The line containing "this 1920×1440 image." marks the start; repeat it and every following line exactly through the end of the entries.

Start of Block

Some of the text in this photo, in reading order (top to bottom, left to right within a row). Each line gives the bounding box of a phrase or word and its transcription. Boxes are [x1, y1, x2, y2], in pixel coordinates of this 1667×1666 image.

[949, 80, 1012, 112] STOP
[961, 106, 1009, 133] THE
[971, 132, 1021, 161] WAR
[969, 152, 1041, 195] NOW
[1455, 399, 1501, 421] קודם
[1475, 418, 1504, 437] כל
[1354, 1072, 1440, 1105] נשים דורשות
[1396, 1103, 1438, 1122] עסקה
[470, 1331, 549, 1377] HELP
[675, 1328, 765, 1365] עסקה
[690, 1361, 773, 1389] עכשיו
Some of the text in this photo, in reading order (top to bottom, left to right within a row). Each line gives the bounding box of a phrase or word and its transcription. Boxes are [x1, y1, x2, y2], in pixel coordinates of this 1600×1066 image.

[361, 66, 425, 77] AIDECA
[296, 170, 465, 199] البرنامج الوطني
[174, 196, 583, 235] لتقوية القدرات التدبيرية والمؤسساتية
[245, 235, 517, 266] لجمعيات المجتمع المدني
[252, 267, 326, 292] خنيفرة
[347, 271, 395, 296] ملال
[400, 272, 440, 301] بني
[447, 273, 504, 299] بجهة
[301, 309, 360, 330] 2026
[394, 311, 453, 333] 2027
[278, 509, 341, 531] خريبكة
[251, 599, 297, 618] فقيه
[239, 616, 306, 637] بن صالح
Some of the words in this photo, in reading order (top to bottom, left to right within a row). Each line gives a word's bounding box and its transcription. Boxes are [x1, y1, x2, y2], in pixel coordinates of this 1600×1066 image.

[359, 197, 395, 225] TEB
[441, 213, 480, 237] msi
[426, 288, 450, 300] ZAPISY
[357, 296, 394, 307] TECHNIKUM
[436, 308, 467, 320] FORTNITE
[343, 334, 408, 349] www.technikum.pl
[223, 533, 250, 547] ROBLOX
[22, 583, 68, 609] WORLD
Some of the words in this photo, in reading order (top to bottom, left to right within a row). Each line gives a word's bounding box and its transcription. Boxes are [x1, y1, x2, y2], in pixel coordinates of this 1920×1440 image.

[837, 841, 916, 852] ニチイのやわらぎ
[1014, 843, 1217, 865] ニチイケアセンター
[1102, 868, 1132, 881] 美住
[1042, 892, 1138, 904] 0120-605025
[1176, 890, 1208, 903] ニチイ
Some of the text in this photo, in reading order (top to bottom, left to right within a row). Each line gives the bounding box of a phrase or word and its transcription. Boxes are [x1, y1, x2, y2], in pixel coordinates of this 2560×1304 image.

End of Block

- **Response to the task**:
Some of the words in this photo, in reading order (top to bottom, left to right within a row). Each line gives a word's bounding box and its transcription. Boxes are [x1, y1, x2, y2], in pixel coordinates of this 1920×1440 image.

[837, 841, 916, 852] ニチイのやわらぎ
[1014, 843, 1217, 865] ニチイケアセンター
[1102, 868, 1132, 881] 美住
[1042, 892, 1138, 904] 0120-605025
[1176, 890, 1208, 903] ニチイ
Some of the text in this photo, in reading order (top to bottom, left to right within a row). Each line gives the bounding box of a phrase or word and its transcription. Boxes are [x1, y1, x2, y2], in pixel coordinates of this 2560×1304 image.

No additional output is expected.